> _WHAT IS EXPECTED_:
What you return must be exactly the lines running from the one with "this 1333×1500 image." to the end of the data below, inclusive, and nothing more.

> _Saved entries_:
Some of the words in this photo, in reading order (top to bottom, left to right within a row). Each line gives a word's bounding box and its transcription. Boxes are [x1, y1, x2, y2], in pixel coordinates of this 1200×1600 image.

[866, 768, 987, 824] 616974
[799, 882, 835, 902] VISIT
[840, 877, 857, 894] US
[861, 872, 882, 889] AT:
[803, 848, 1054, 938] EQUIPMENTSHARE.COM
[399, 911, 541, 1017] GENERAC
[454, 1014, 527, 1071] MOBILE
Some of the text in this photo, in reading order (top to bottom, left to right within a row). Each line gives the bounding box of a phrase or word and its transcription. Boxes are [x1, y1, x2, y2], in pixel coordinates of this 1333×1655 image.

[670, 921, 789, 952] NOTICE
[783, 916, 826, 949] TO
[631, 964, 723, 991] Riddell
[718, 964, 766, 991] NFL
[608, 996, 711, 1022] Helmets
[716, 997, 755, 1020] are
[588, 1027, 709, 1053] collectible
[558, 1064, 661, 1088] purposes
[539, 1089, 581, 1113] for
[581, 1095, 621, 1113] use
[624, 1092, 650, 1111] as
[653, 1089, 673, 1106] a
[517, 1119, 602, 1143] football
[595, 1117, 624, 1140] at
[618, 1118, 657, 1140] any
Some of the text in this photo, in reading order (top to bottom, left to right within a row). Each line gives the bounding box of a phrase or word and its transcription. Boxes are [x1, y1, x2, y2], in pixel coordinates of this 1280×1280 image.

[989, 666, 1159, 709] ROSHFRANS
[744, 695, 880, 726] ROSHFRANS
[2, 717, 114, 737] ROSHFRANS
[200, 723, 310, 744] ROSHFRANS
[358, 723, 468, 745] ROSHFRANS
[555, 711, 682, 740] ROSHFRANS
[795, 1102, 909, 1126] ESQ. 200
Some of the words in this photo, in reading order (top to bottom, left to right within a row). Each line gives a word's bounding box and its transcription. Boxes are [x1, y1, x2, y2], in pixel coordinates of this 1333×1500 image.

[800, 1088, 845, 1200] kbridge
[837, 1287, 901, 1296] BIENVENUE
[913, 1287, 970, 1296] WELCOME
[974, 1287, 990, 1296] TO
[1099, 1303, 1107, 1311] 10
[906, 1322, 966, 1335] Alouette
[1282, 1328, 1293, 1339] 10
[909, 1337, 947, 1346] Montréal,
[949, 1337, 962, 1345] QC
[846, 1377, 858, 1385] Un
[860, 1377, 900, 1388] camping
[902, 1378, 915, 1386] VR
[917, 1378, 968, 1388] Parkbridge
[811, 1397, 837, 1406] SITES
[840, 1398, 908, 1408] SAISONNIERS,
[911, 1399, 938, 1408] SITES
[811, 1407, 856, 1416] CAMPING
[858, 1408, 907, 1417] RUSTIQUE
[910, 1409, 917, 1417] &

> _RESPONSE AREA_:
Some of the words in this photo, in reading order (top to bottom, left to right within a row). Each line gives a word's bounding box and its transcription. Boxes are [x1, y1, x2, y2], in pixel coordinates of this 1333×1500 image.

[800, 1088, 845, 1200] kbridge
[837, 1287, 901, 1296] BIENVENUE
[913, 1287, 970, 1296] WELCOME
[974, 1287, 990, 1296] TO
[1099, 1303, 1107, 1311] 10
[906, 1322, 966, 1335] Alouette
[1282, 1328, 1293, 1339] 10
[909, 1337, 947, 1346] Montréal,
[949, 1337, 962, 1345] QC
[846, 1377, 858, 1385] Un
[860, 1377, 900, 1388] camping
[902, 1378, 915, 1386] VR
[917, 1378, 968, 1388] Parkbridge
[811, 1397, 837, 1406] SITES
[840, 1398, 908, 1408] SAISONNIERS,
[911, 1399, 938, 1408] SITES
[811, 1407, 856, 1416] CAMPING
[858, 1408, 907, 1417] RUSTIQUE
[910, 1409, 917, 1417] &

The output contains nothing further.